Margaret: The Rose of Goodwood
In 1917, eighteen-year-old Margaret Wilson reports to work at Tallahassee’s Surprise Department Store, expecting nothing out of the ordinary. But when the pretty shopgirl waits on a wealthy customer, Will Hodges, sparks fly, and soon the humbly born Margaret’s life is transformed when Hodges, a lawyer and a future US Senator, decides to marry her.

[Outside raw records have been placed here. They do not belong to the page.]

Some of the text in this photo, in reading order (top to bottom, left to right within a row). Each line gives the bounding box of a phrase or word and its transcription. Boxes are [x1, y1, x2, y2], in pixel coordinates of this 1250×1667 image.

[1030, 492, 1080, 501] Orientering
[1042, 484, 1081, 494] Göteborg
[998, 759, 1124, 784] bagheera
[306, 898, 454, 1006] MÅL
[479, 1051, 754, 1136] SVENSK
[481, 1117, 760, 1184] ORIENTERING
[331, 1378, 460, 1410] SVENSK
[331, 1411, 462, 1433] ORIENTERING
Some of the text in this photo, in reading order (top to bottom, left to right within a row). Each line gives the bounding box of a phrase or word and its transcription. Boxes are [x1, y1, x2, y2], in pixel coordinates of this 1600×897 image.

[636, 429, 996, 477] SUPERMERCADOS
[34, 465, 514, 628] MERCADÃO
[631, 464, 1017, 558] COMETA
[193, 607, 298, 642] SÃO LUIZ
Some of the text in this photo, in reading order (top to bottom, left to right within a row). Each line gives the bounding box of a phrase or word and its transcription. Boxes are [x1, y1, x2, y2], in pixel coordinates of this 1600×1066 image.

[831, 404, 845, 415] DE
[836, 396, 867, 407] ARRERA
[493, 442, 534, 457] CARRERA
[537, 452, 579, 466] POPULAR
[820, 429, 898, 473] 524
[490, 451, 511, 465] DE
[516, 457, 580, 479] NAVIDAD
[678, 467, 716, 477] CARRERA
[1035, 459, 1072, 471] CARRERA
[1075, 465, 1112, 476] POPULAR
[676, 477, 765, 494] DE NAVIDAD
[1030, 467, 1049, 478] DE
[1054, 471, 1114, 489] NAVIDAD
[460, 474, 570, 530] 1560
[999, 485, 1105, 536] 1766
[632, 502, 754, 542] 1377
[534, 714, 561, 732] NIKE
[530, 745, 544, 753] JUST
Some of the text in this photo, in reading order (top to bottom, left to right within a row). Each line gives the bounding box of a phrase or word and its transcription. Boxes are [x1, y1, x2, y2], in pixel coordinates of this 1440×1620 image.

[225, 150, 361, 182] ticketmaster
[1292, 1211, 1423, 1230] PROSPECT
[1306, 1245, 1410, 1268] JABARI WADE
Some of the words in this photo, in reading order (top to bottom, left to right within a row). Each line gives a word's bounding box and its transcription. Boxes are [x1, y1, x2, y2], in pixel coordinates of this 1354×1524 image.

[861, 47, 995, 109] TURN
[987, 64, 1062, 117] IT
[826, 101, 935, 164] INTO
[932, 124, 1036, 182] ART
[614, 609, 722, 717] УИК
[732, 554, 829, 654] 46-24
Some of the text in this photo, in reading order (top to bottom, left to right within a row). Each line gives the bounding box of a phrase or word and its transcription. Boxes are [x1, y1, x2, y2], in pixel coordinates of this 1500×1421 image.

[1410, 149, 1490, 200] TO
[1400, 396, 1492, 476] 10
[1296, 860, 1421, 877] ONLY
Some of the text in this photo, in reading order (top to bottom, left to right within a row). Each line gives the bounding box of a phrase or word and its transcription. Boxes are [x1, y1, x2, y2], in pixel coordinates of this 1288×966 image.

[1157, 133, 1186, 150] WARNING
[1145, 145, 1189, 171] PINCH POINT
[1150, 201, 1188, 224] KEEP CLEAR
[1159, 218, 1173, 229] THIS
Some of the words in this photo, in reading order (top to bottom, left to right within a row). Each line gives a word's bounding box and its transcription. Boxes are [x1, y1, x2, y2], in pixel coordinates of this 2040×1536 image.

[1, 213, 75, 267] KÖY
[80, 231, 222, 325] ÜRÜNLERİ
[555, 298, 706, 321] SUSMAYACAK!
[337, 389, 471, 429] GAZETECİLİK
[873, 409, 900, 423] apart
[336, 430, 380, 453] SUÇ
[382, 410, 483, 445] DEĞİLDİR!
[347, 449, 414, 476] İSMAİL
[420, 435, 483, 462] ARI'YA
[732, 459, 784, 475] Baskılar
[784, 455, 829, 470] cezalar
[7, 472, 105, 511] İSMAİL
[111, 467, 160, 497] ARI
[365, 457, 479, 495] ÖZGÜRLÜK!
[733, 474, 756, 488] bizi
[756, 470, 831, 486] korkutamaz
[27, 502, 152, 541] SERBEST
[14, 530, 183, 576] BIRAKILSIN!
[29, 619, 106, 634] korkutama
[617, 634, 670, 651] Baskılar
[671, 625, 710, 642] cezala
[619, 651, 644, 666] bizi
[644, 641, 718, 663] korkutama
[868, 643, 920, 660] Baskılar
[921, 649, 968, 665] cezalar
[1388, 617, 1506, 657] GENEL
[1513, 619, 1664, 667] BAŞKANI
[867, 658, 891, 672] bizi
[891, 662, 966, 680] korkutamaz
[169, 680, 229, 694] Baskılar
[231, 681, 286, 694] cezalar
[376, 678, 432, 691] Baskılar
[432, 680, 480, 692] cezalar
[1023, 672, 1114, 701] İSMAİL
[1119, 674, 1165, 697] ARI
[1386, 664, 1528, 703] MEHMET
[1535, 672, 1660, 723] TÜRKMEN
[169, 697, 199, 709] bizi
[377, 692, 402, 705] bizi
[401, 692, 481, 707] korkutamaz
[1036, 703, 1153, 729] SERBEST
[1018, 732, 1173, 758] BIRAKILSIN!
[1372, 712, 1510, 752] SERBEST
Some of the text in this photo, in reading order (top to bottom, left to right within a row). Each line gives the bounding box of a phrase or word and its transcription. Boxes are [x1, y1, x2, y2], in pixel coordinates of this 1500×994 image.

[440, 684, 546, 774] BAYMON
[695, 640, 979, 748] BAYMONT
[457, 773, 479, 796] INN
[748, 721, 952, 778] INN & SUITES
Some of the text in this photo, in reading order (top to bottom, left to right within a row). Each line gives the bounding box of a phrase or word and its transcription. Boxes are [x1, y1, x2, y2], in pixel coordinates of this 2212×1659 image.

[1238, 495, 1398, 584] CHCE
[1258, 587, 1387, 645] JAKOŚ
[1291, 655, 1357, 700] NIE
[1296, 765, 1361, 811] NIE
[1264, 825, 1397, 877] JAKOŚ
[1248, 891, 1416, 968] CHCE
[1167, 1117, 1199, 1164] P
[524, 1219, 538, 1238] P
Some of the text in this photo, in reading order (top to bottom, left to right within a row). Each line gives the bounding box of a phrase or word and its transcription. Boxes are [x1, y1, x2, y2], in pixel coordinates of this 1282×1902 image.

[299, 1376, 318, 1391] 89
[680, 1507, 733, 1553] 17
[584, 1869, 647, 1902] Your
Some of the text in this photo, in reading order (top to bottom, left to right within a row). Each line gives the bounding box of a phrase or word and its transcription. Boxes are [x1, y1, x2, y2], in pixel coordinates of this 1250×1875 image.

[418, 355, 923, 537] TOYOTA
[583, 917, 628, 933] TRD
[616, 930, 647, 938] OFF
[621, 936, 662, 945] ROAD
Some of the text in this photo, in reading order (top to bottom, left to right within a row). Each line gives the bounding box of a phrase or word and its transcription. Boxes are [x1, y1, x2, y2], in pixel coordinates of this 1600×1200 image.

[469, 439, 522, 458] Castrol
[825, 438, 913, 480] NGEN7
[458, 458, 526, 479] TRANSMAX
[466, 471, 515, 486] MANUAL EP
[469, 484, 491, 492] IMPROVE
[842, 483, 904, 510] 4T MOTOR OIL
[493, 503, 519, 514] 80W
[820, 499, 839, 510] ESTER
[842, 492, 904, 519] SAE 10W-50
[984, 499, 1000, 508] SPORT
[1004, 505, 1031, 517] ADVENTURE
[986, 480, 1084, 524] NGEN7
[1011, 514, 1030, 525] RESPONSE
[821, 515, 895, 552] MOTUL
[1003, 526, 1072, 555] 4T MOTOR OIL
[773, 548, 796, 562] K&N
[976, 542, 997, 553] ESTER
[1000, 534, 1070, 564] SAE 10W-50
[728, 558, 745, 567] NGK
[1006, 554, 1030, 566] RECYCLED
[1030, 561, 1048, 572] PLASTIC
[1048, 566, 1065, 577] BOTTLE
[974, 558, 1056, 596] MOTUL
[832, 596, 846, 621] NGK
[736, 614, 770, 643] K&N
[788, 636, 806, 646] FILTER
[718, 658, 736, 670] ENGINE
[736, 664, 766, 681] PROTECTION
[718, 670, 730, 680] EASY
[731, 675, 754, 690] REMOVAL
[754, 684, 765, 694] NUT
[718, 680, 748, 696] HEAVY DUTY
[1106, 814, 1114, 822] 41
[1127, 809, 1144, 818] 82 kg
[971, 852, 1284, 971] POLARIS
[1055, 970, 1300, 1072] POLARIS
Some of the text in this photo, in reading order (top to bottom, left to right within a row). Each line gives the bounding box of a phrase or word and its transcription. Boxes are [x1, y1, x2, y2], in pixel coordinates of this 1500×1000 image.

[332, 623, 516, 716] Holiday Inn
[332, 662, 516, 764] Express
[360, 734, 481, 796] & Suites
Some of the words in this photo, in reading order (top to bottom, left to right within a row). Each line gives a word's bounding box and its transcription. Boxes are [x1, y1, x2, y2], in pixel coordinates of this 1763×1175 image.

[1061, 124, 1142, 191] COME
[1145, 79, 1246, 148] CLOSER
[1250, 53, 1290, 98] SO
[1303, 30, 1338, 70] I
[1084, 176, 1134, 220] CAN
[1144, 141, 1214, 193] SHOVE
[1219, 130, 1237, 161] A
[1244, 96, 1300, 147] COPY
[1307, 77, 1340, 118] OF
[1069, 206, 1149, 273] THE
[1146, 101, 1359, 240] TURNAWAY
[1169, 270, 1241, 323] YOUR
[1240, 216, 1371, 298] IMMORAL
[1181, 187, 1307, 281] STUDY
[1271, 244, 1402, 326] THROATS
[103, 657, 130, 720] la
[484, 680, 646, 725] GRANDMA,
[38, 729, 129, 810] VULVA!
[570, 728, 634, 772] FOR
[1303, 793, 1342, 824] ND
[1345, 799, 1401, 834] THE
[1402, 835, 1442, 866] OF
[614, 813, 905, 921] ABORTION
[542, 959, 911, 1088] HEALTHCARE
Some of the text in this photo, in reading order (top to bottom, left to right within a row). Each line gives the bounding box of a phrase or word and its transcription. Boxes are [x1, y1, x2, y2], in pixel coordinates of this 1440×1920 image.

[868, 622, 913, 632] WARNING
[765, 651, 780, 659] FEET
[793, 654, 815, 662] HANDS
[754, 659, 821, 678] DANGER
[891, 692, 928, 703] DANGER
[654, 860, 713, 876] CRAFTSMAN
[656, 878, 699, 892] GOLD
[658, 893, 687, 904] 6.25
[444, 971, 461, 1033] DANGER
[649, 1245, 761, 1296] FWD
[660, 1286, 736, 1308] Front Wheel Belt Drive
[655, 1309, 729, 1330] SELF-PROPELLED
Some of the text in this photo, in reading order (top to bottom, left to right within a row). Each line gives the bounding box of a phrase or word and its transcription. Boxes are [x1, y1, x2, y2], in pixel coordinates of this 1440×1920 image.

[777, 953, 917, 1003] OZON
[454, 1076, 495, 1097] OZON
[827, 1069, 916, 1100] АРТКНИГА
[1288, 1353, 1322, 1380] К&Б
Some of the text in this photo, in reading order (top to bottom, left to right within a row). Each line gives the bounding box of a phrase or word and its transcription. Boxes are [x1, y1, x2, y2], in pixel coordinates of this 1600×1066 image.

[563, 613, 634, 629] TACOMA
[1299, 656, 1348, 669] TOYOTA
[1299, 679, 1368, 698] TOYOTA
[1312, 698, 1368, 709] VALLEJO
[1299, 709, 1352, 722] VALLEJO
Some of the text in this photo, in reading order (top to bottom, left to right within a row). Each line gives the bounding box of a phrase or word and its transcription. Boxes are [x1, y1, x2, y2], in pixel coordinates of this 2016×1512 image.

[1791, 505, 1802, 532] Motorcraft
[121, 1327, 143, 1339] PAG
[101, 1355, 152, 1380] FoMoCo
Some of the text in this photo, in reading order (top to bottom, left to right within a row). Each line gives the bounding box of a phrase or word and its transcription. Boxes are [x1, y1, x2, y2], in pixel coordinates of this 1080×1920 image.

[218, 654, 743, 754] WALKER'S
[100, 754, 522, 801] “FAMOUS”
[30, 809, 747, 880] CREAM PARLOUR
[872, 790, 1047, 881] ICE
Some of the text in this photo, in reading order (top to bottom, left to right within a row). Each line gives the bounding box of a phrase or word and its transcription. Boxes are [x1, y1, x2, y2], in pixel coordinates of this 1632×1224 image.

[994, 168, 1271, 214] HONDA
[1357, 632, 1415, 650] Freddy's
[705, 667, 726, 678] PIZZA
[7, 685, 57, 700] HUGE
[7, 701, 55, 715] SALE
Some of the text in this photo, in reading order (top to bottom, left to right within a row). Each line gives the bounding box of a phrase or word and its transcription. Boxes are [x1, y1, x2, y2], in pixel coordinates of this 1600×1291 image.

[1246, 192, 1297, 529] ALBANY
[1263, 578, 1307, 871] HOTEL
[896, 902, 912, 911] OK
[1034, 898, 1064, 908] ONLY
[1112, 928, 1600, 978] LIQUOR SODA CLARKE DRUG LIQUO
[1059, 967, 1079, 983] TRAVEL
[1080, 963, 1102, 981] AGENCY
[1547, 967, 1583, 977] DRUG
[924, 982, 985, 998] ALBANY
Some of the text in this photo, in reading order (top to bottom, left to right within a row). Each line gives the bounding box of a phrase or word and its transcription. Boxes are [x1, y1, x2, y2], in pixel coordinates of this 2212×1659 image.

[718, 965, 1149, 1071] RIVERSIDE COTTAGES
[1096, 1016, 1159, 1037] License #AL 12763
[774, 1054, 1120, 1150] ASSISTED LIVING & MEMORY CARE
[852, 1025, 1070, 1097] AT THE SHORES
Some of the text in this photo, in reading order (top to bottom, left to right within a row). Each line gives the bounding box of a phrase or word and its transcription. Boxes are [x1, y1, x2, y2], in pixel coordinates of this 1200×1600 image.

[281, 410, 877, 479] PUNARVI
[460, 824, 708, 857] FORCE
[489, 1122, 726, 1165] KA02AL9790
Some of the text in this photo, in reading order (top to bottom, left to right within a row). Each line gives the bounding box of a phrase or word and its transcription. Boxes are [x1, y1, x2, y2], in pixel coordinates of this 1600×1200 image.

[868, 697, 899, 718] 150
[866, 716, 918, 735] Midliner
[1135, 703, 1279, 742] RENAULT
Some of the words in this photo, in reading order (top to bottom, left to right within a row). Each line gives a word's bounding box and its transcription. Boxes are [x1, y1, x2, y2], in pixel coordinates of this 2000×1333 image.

Meredith’s novel (named for the still-extant mansion where Margaret spent much of her life with Hodges, as a widow, and with her second husband) is well-researched, and Margaret herself, faced with snobbery from Hodges’ circle, her own infertility, and Hodges’ infidelity, is a likeable, resilient heroine. Unfortunately, though, the novel as a whole did not work for me. For the first half, Margaret tells her story in the first person, past tense. She makes an agreeable narrator, but in the second half, the author inexplicably shifts to telling her story in third-person present tense, depriving us of Margaret’s narrative voice with no discernible benefit from the change. At times, this part of the novel, which races through the last decades of Margaret’s life, reads like a guidebook one might pick up at Goodwood Museum, with an entire chapter devoted to a recounting of Margaret’s land donations and charitable activities: “The Fifties and Sixties bring both constancy and constant change to Margaret, to Goodwood, and to Tallahassee.”
Sympathetic as Margaret is, Meredith doesn’t seem to trust the reader to figure this out, because throughout the novel, random characters pop in to take a turn at narrating, mainly to praise Margaret; after her death, four offer chapter-long eulogies for her. At that point the book felt more like a memorial service than a novel, and I was glad to take my leave.